Magnus sat down again. “Yes. If he survives. And we’ll do our best to make sure that he does.”

 

TOM realized that he had to stay alert while he sat on the sandy slope by the cobblestone road. When he heard a creaking sound, he turned his head and saw what appeared to be a chunk of dead wood chewing on his armored foot. Although the log wasn’t making much progress, and it made even less when Tom kicked it away, he began to notice things like the brown weeds grabbing at his legs with their leaves while their tiny flower blossoms chewed at his armor with rings of tiny teeth. Small rocks were edging toward him in a threatening manner. Dead leaves tried to catch breezes so they could fly up at his face. The whole place, wherever it was, acted like an environmental nightmare that was out to get him. The road itself seemed to be the only safe area—the weeds, leaves, rocks, and other tiny terrors seemed to avoid the straight rows of clean black cobblestones that ran from horizon to horizon.

Something skittered and hissed across the surface of the road. Tom heaved himself up and turned in a crouch. A group of four demonic creatures with red skin, flaming eyes, and large mouths with sharp teeth stood atop something that looked like an alligator on a bad hair day. The giant reptile had a fluffy red Mohawk hairstyle that ran from the top of its head to a point halfway down its back. The demons were about four feet tall, and each one held some sort of weapon in one of its two claws. The claws themselves ended in shiny knife points. The demons looked pleased to see Tom.

“It looks at ussss,” hissed the demon at the front of the line. It stepped off the reptile’s back with a sudden motion, followed by its pals, almost in a chorus line effect.

“It’s frightened. Look at it,” said the second demon. Their high-pitched voices reminded Tom of the sound of fingernails on a blackboard.

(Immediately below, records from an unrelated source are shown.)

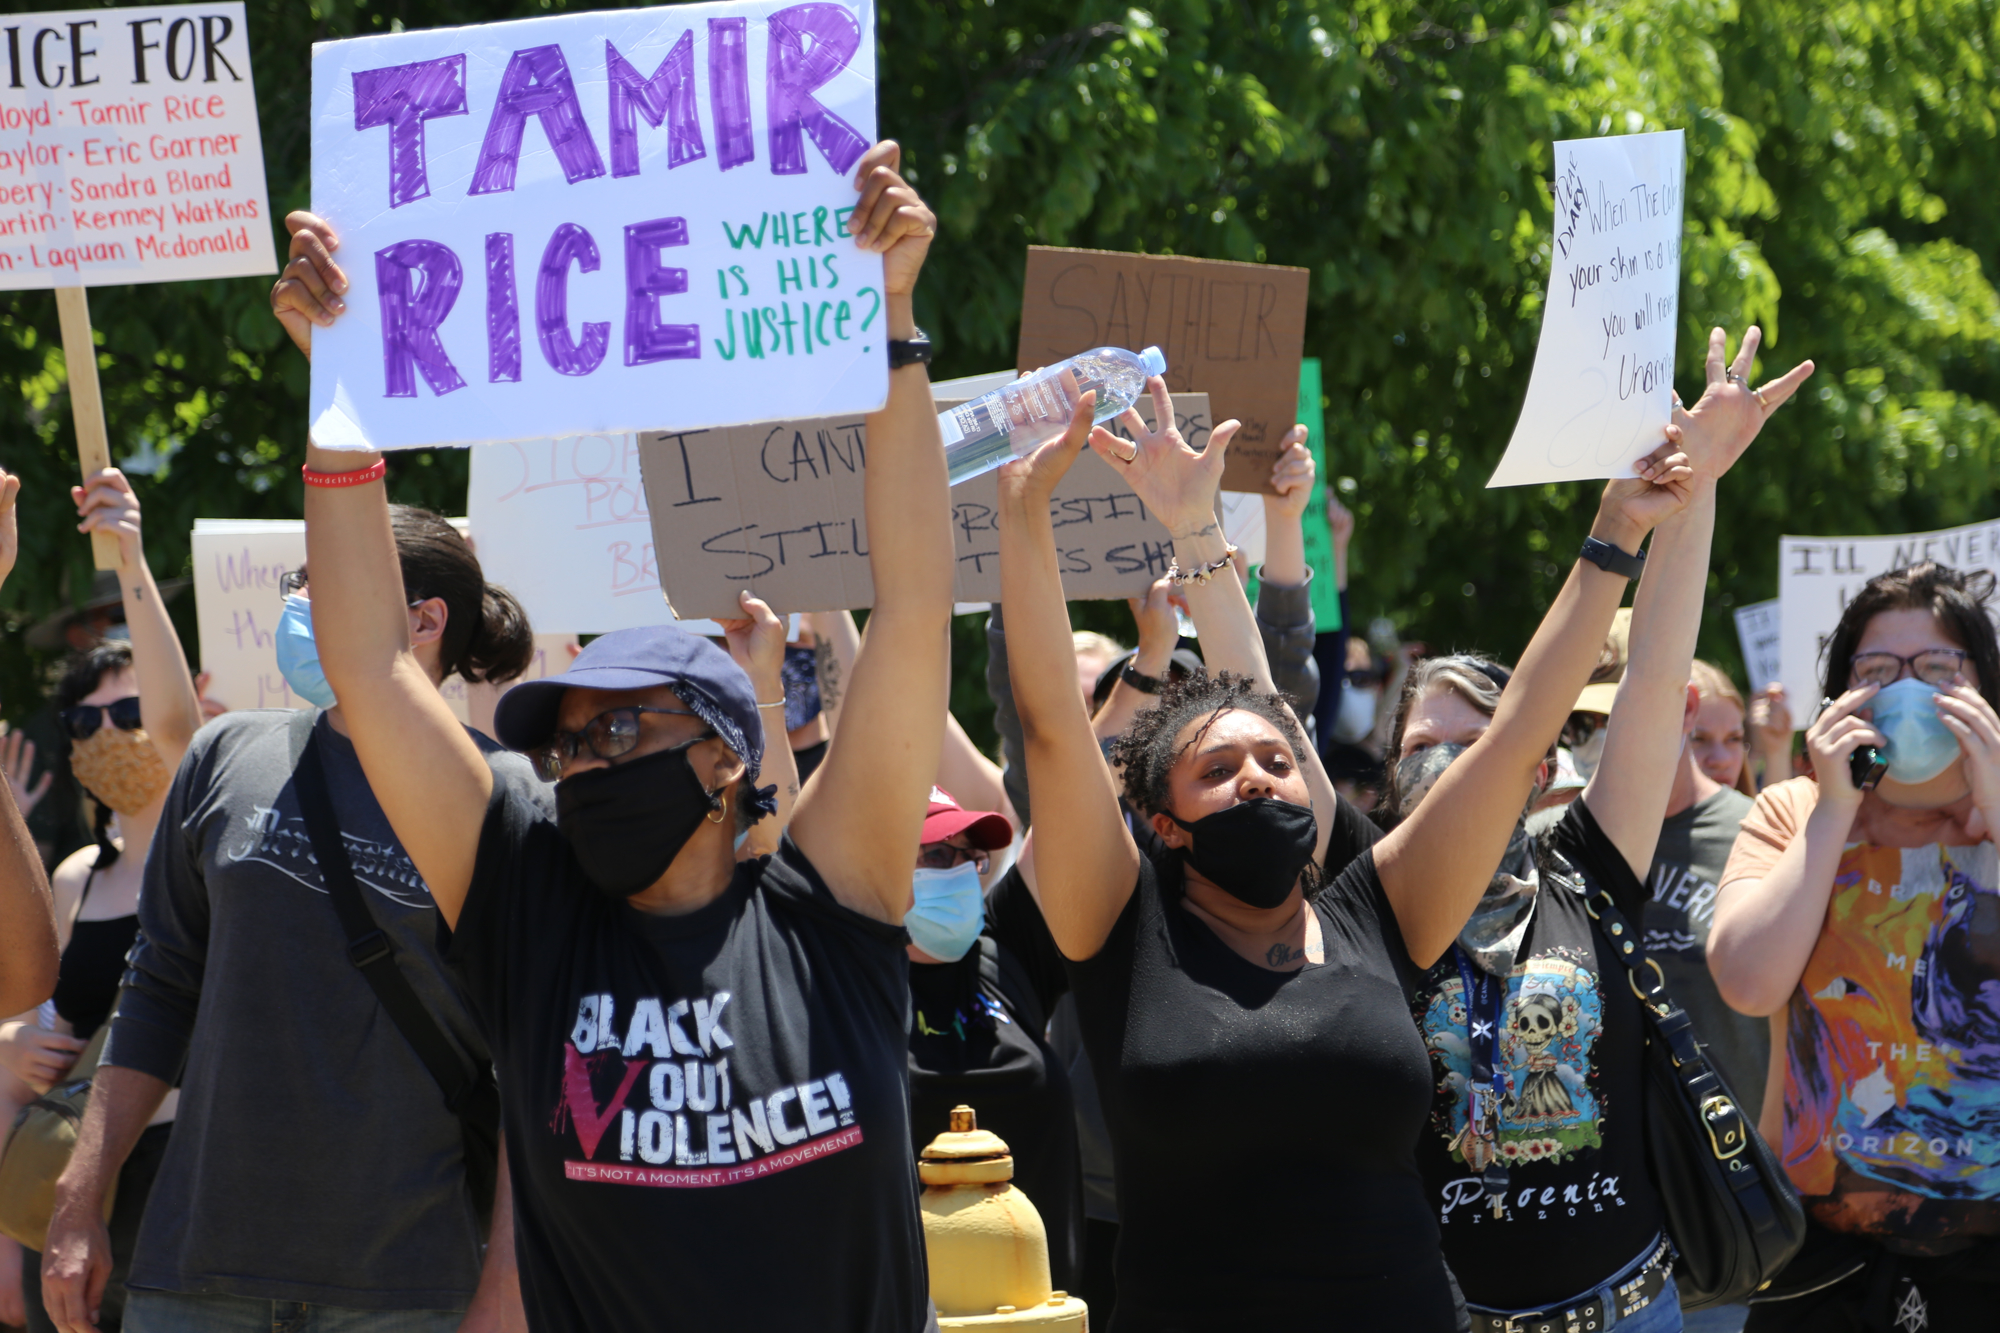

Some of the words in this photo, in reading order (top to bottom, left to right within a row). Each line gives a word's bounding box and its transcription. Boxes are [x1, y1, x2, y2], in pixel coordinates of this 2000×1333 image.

[127, 16, 243, 84] FOR
[71, 97, 150, 127] Tamir
[164, 94, 225, 124] Rice
[352, 2, 870, 208] TAMIR
[84, 134, 141, 167] Eric
[150, 133, 241, 162] Garner
[71, 172, 156, 203] Sandra
[167, 162, 232, 195] Bland
[72, 205, 165, 233] Kenney
[722, 206, 856, 250] WHERE
[1557, 175, 1587, 261] DIARY
[30, 240, 125, 272] Laquan
[717, 265, 749, 299] IS
[777, 253, 839, 294] HIS
[375, 216, 701, 398] RICE
[1048, 263, 1155, 358] SAY
[1160, 272, 1278, 363] THEIR
[1603, 311, 1625, 361] you
[659, 430, 722, 507] I
[583, 477, 650, 522] POL
[701, 517, 869, 581] STIL
[1886, 952, 1928, 978] ME
[571, 991, 734, 1059] BLACK
[1866, 1040, 1933, 1062] THE
[650, 1057, 733, 1113] OUT
[1821, 1132, 1974, 1157] HORIZON
[600, 1168, 634, 1181] NOT
[636, 1172, 647, 1183] A
[728, 1166, 755, 1182] IT'S
[757, 1163, 768, 1175] A
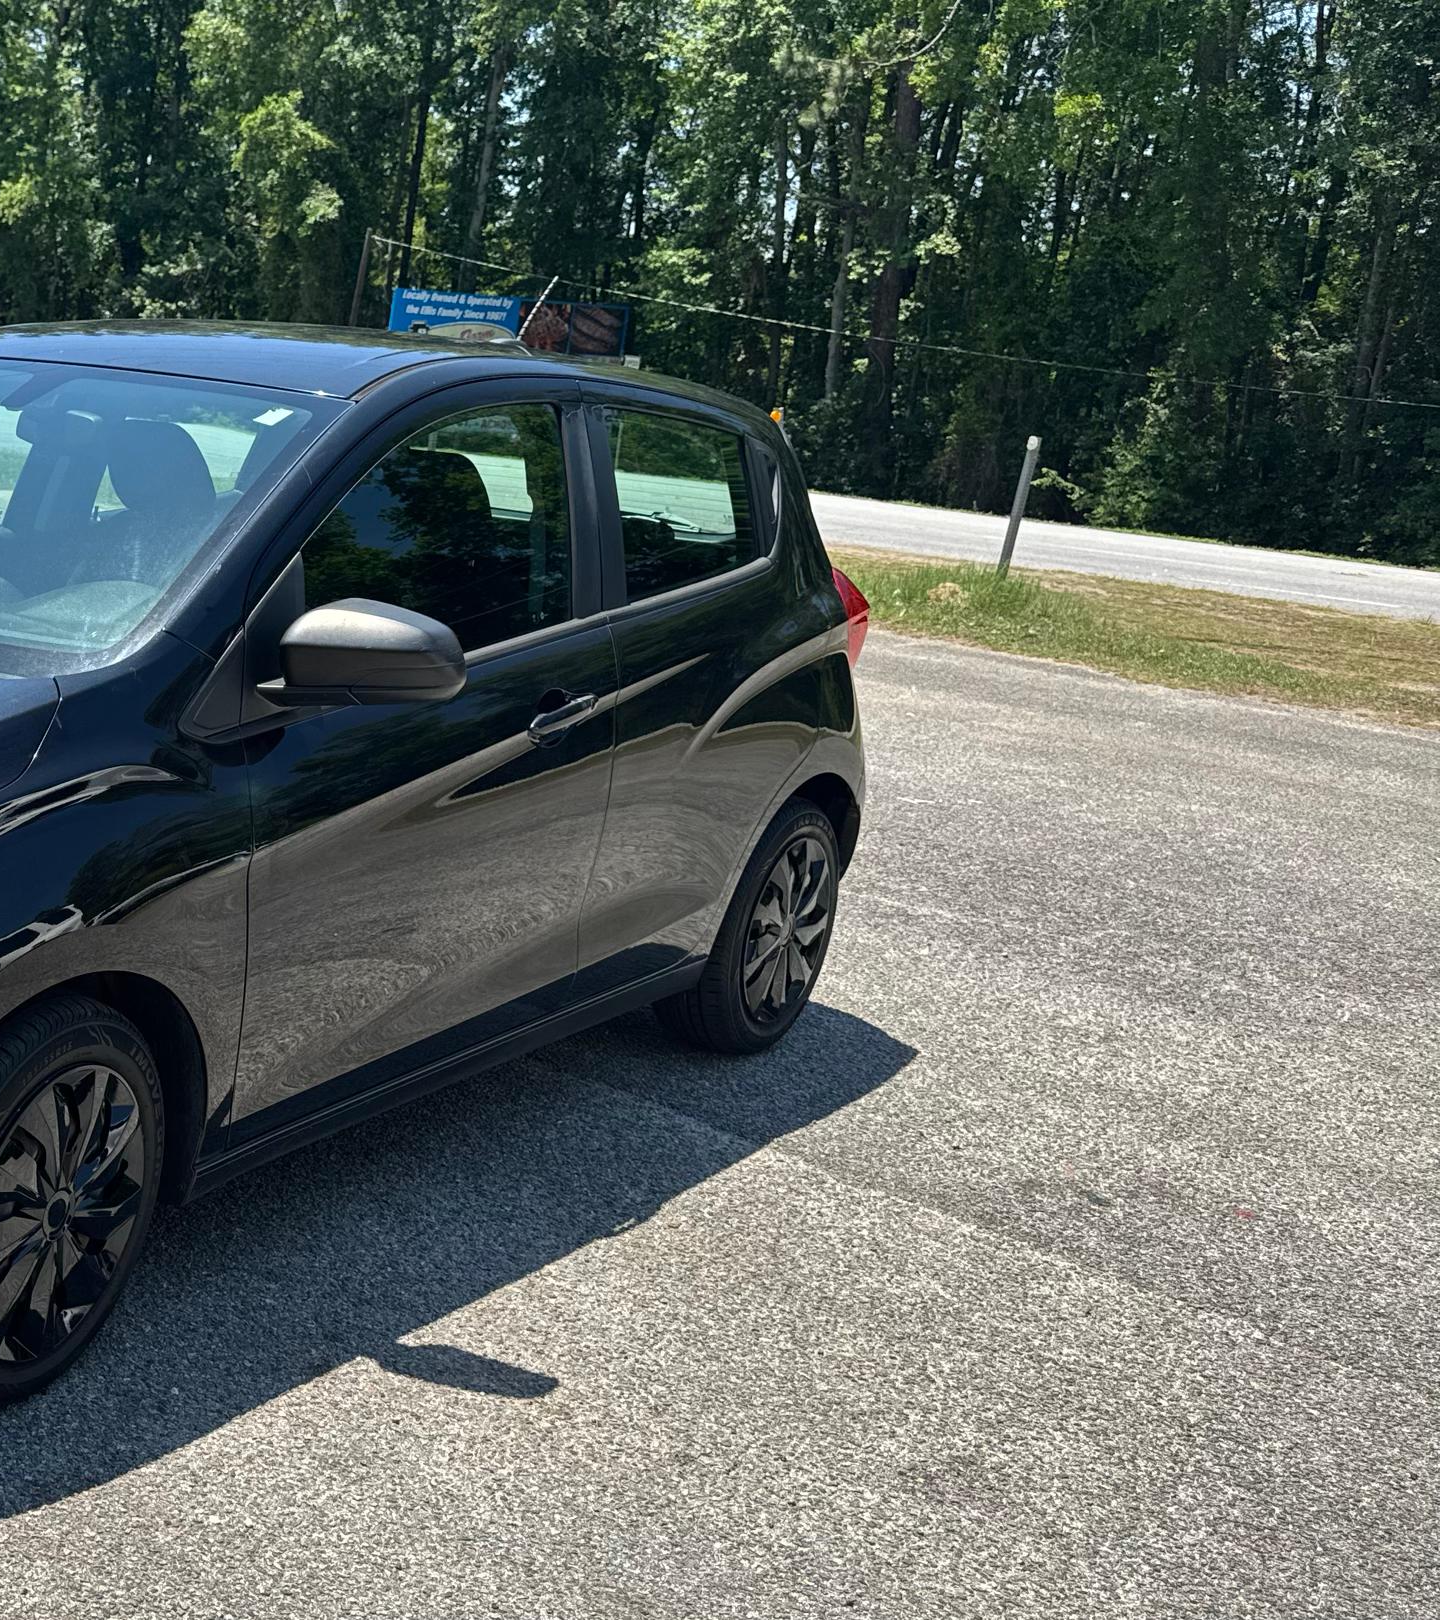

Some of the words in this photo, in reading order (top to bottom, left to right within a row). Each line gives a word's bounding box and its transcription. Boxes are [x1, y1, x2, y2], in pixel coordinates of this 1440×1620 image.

“I don’t like the way it looks at ussss,” said the first demon, raising what appeared to be a human thighbone with a head stuck on the end of it to make a club. The head had seen better days. “Let’s kill it.”

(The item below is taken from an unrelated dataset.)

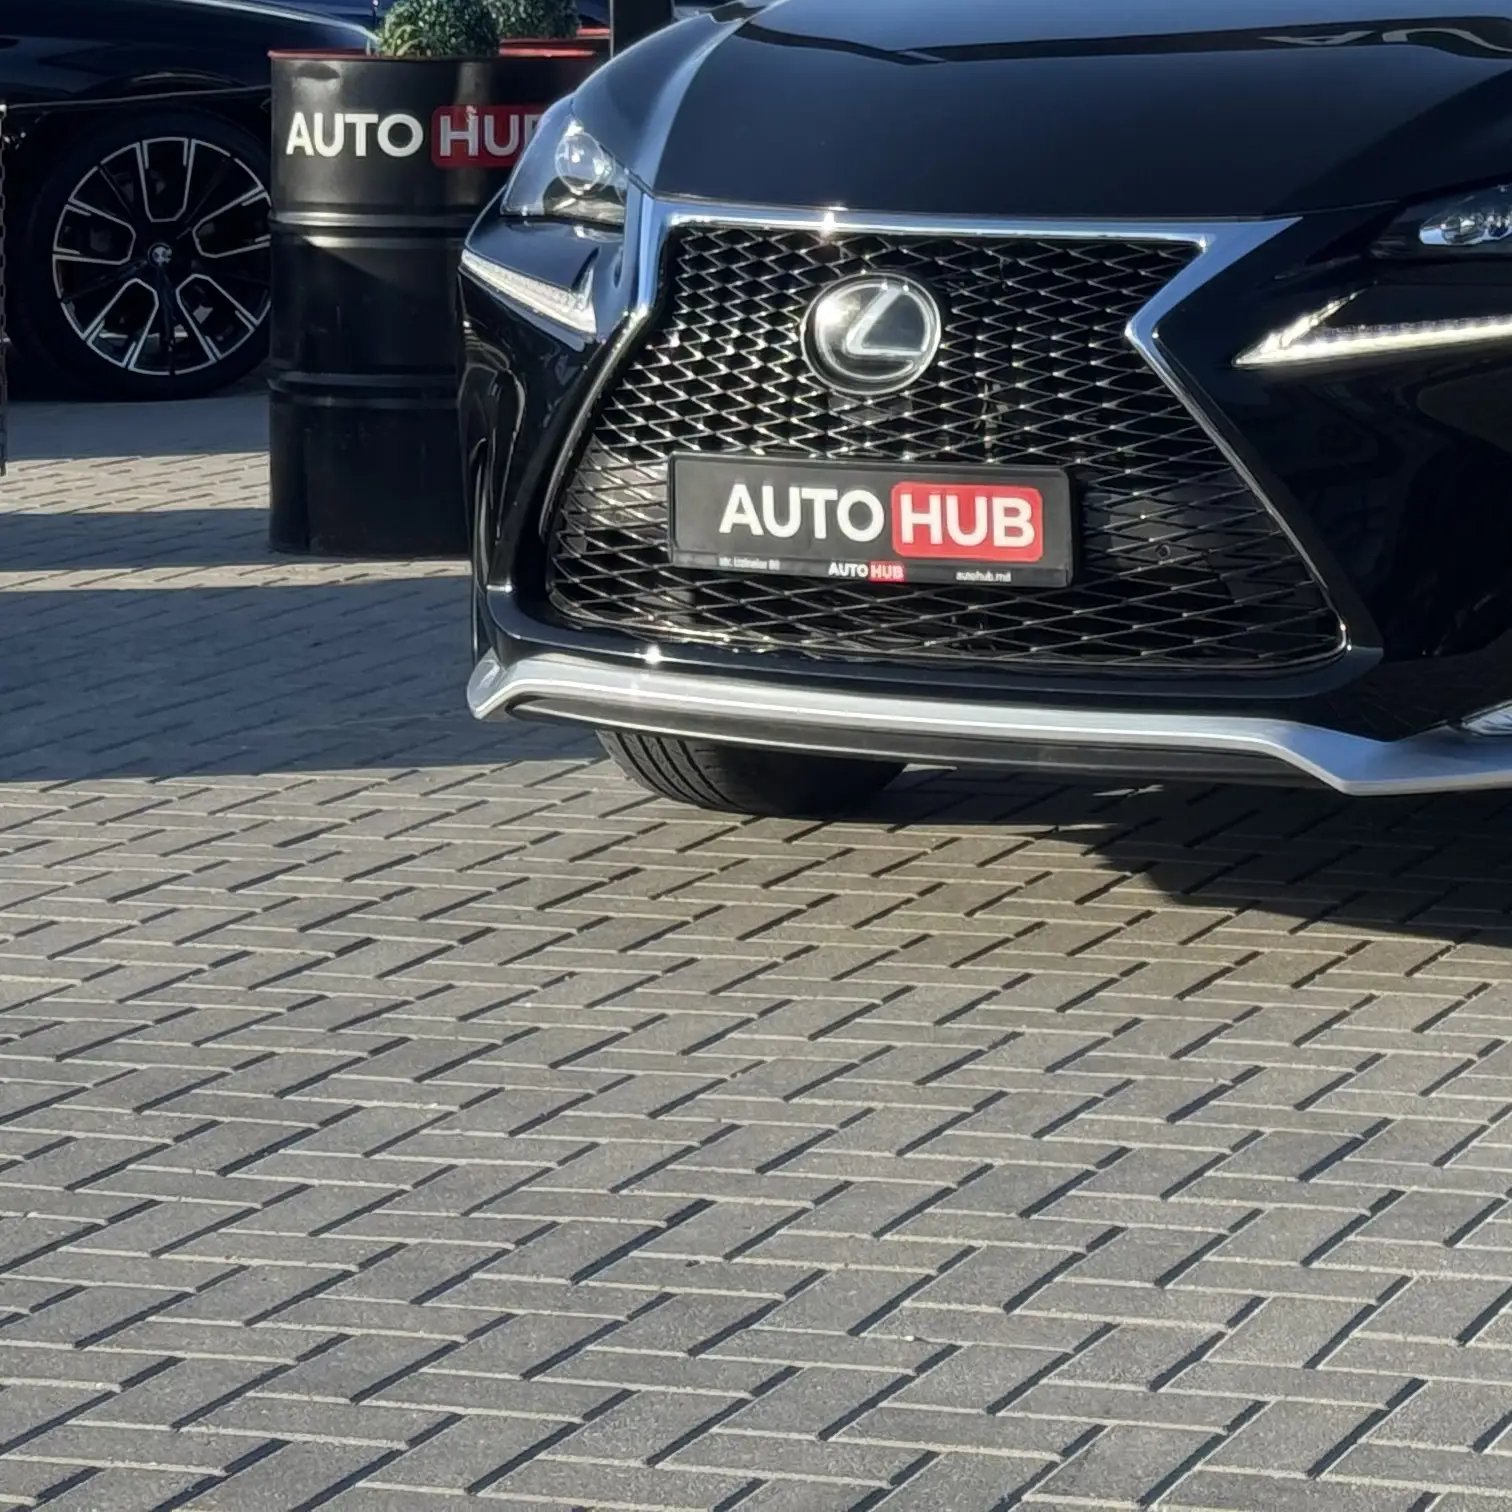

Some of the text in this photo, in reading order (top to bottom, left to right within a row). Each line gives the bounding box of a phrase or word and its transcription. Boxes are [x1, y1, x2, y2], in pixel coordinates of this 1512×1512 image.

[286, 112, 423, 157] AUTO
[719, 482, 1036, 549] AUTO HUB
[828, 561, 905, 580] AUTO HUB

The second demon hopped up and down. “Let’s eat it.”

“Let’s kill it, then eat it,” said the third demon.

“Let’s kill it, eat it, then use its bones to build a housssse,” hissed the fourth demon, who wore a red scarf around its neck.

The first demon raised its arms. “We are agreed, then. The plan is to kill it, eat it, and use its bones to build a house. All in favor?”

All four demons raised their arms and hopped up and down. “Aye! Aye! Aye!”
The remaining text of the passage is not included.